The oligarchs may be the ones stealing from the Russian people, but we are the pawnshop that fences their stolen goods. The waiter at Little Nell in Aspen is getting a larger slice of the Russian oil economy than the vareniki chef in St. Petersburg. That’s not an exaggeration as rich Russians (no joke) hold as much money outside Russia as the entire Russian people hold inside Russia. Since Russia’s invasion of Ukraine, we’ve been demanding that Western businesses stop operating in Russia. There’s good reasons for that. But we should be looking in the mirror at how our own businesses are serving the needs of oligarchs outside Russia.

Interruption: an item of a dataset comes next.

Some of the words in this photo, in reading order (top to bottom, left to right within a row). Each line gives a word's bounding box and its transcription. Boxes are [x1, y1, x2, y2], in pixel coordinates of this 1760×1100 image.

Little of this has been done in secret — shell company shell games are just for the lawyers; we know who owns those yachts. Public displays of wealth are often the point. In 2020 a U.K. government report acknowledged that “a lot of Russians with very close links to Putin who are well integrated into the U.K. business and social scene are accepted because of their wealth,” and warned that these links were being actively used to undermine the country’s democracy and distort media coverage. (Dawisha couldn’t find a British publisher for Putin’s Kleptocracy, and two separate Financial Times reporters have faced libel suits for their coverage of the oligarchs.) There is growing evidence that washed oligarch money isn’t so clean after all, and remains linked to the Russian state. Yet nothing has been done.

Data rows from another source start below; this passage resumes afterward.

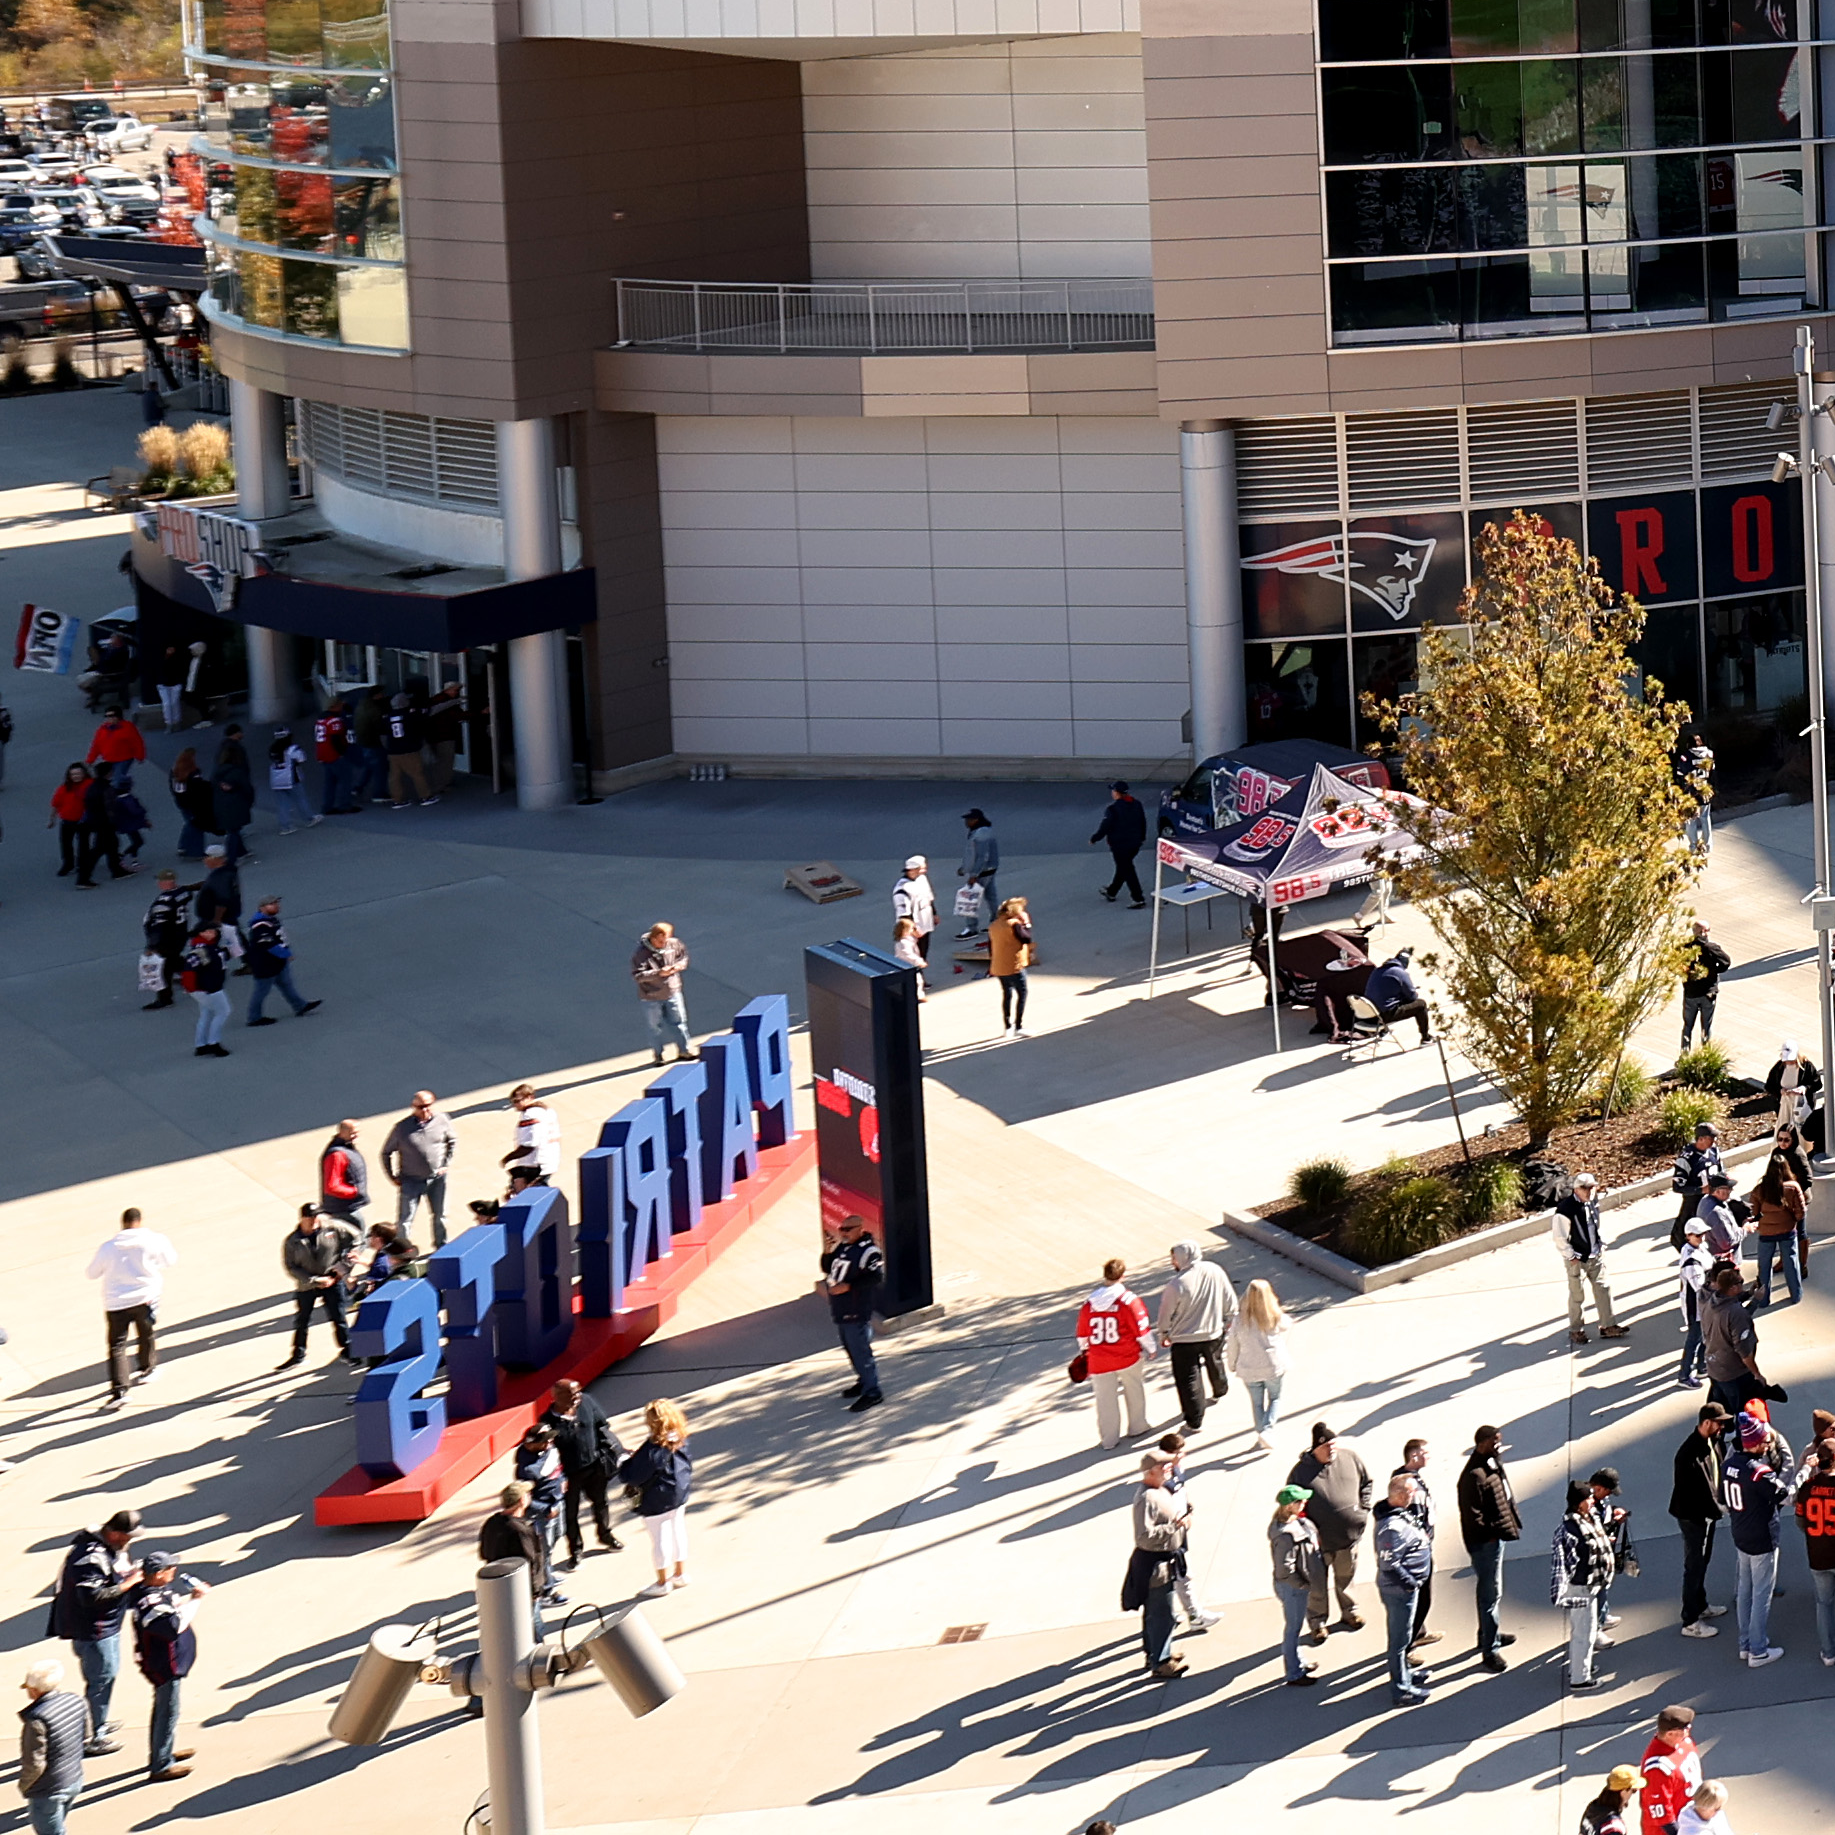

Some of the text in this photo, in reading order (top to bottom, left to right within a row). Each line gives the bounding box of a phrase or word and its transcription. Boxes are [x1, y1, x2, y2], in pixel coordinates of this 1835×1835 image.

[1236, 766, 1292, 817] 985
[1239, 816, 1297, 849] 98.5
[1274, 874, 1322, 904] 98.5
[1090, 1317, 1120, 1345] 38
[1723, 1479, 1745, 1512] 10
[1649, 1805, 1664, 1818] 50

Both the U.S. and the U.K. have laws in draft that would begin to push back on money washing. But until Russian bombs started falling on Kyiv, the legislation wasn’t moving. The U.S. “Enablers Act” has been in committee for six months. Perhaps the specter of a great power trying to crush a 40-million-person country will inspire us to take a hard look at our own money washing machine and the real costs of those yachts.
Regulatory capture by Russians in the West elevates capitalism over democracy, and that has implications beyond foreign influence. Each football club and villa purchased by oligarchs moves us down the path to cronyism and our own oligarchy. My state’s junior senator, Rick Scott (R-FL), recently proposed halving the budget of an oversight agency (the IRS) that helped uncover the largest case of Medicare fraud in history. The guilty firm’s CEO? Comrade Rick Scott.